# Achieving statistical significance in an A/B test

Out of one pool, I've randomly selected a small group (group A) and put everyone else in group B. Then, I'm observing whether or not they take a desired action.

If I'm looking to test at a 95% confidence, what's the best methodology and stats test to use? I read that with a large enough sample, it's ok to use a standard t-test, but can someone tell me if that's accurate?

Assuming it is, I've applied it and come up with the result that group A has a much higher rate of the desired action than group B and applying the error bars, it's still showing that group A > group B (albeit a smaller rate). This is highly unlikely. At worst, the expectation was group A's actions would be more or less the same to group B.

Any comments on what would cause such an unlikely result even with a high confidence level?
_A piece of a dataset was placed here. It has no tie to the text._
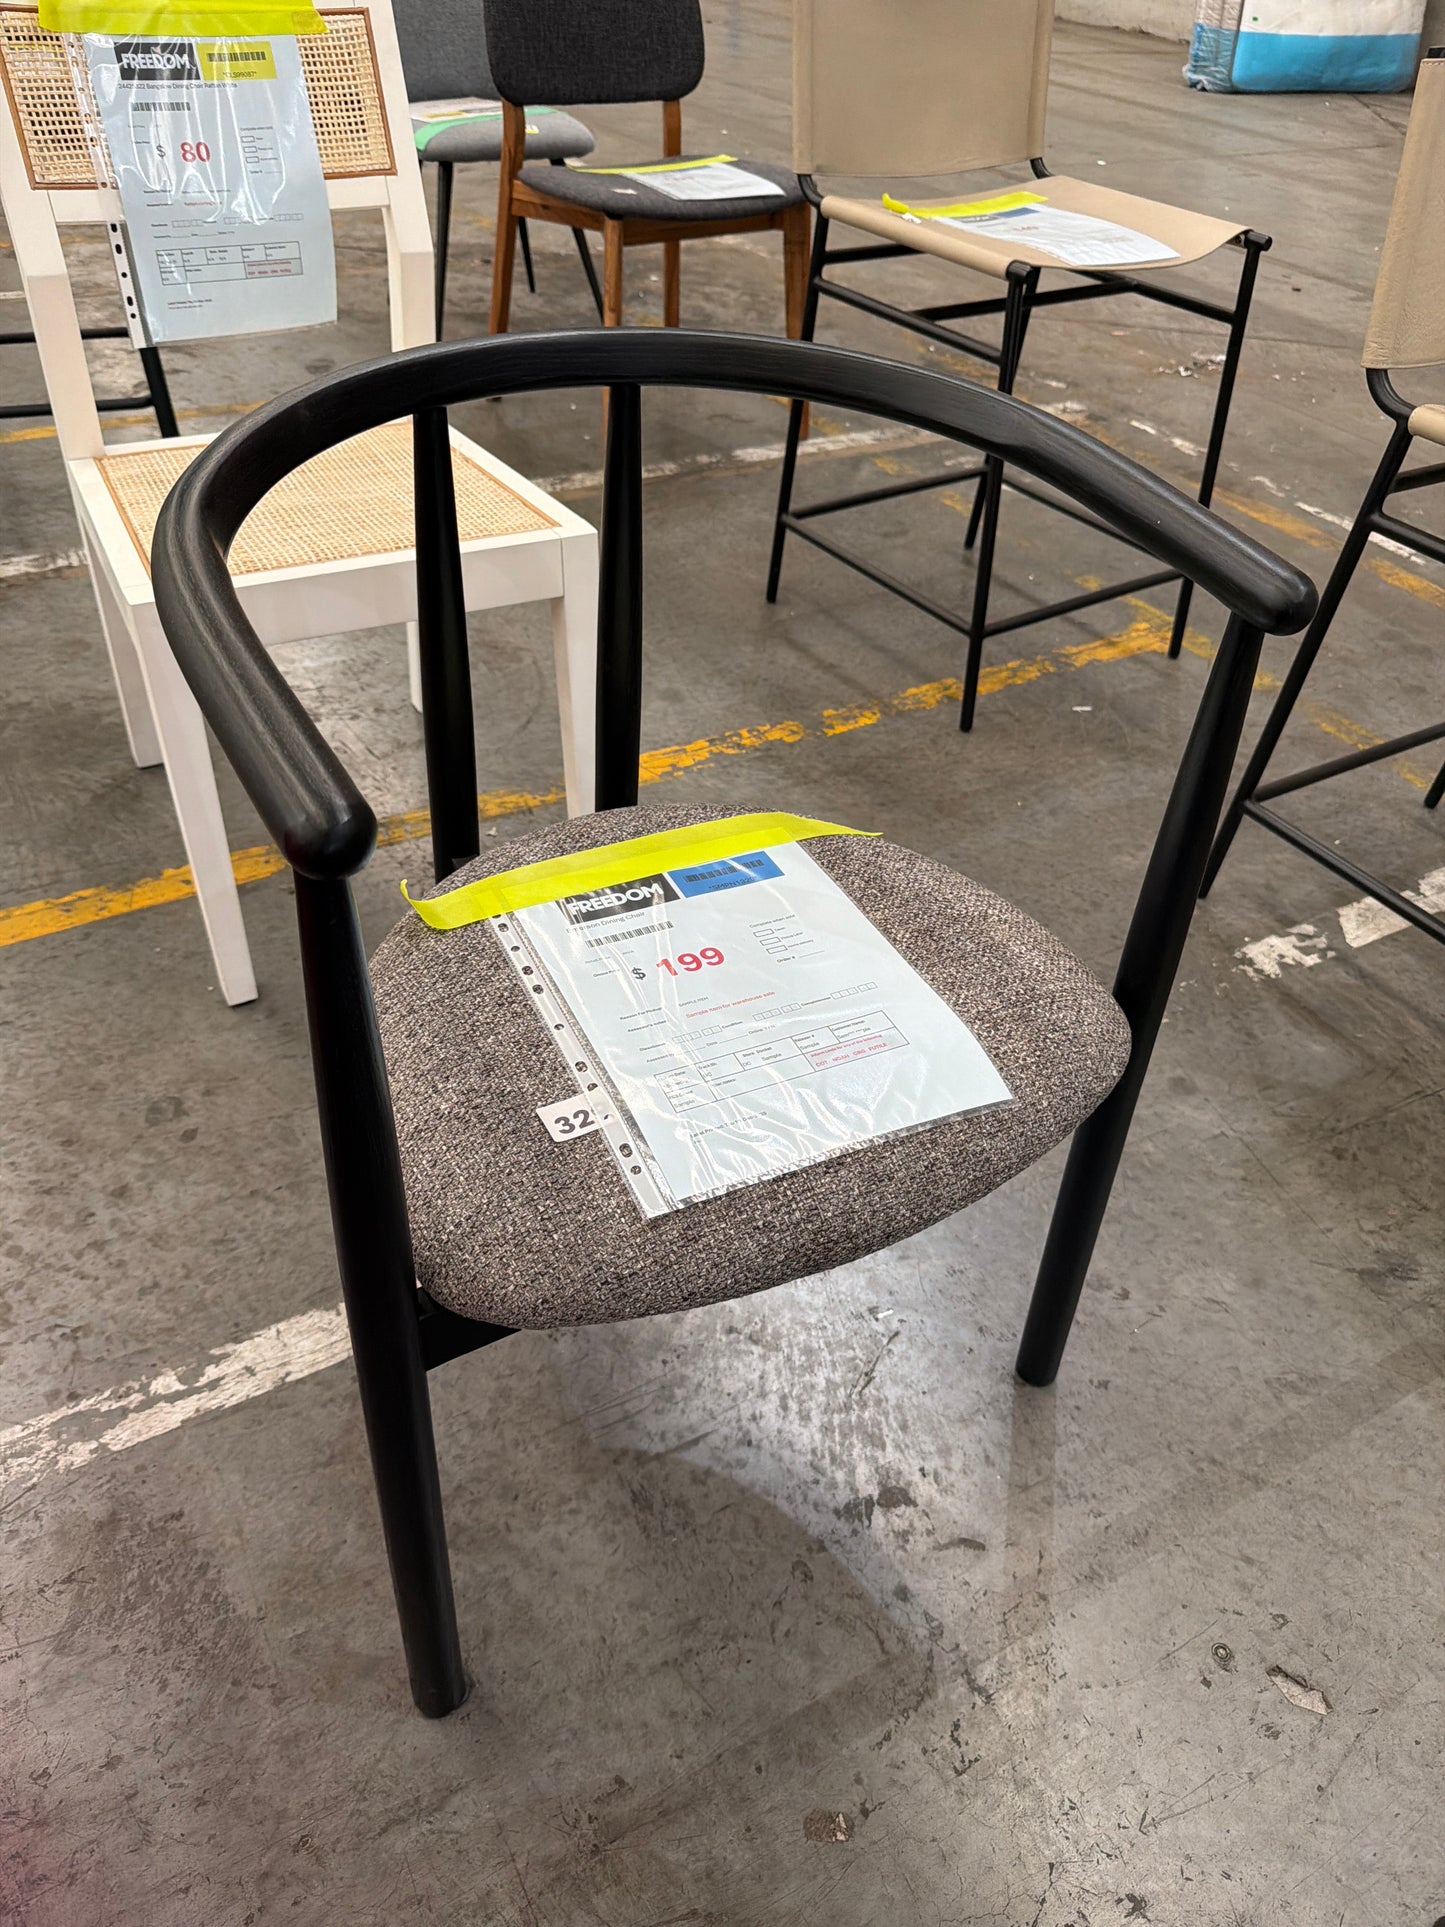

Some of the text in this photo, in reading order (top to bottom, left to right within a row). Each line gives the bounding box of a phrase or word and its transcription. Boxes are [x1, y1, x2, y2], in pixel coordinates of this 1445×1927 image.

• I think I am missing something. If you randomly selected group A from group B, then the groups should not be different, right? So I assume that you in fact did not select at random, but based on some criterion. How large are your groups A and B? Apart from that, a t test is not appropriate for yes/no variables (take an action or not), a contingency table and a chi squared test would be better. Commented Jan 10, 2013 at 9:09
• Think of a typical website A/B test. I put a percentage of visitors in A and everyone else in B. Group A sees one experience. Group B sees another experience. Then, I measure something like..do they click this button. I want to measure the rate at which they click the button and see what the difference is between those two groups. One group is much smaller than the other, like 1 in group A for every 20 in group B. But, the people who are selected to be in each group are selected randomly. Commented Jan 10, 2013 at 20:30

The appropriate methodology for statistically testing your data would be a chi squared test on a contingency table. First, put your data in tabular form, which could look like this (I am using R, but any statistics package can do this):

obs <- cbind(c(20,100),c(1000,10000))
rownames(obs) <- c("takes action","takes no action")
colnames(obs) <- c("A","B")
obs


Result:

                  A     B
takes action     20  1000
takes no action 100 10000


Then you do the test:

chisq.test(obs)


Result:

        Pearson's Chi-squared test with Yates' continuity correction

data:  obs
X-squared = 7.2933, df = 1, p-value = 0.006921


The p value is less than the conventional threshold of 0.05, so your data would be highly unlikely if the groups were in fact identical in their propensity to take the action. The group sizes should not matter for this test (unless there are less than five entries in some cell in the table above, in which case one should use Fisher's Exact Test). And we can calculate quickly that 20% in group A but only 10% in group B take the action.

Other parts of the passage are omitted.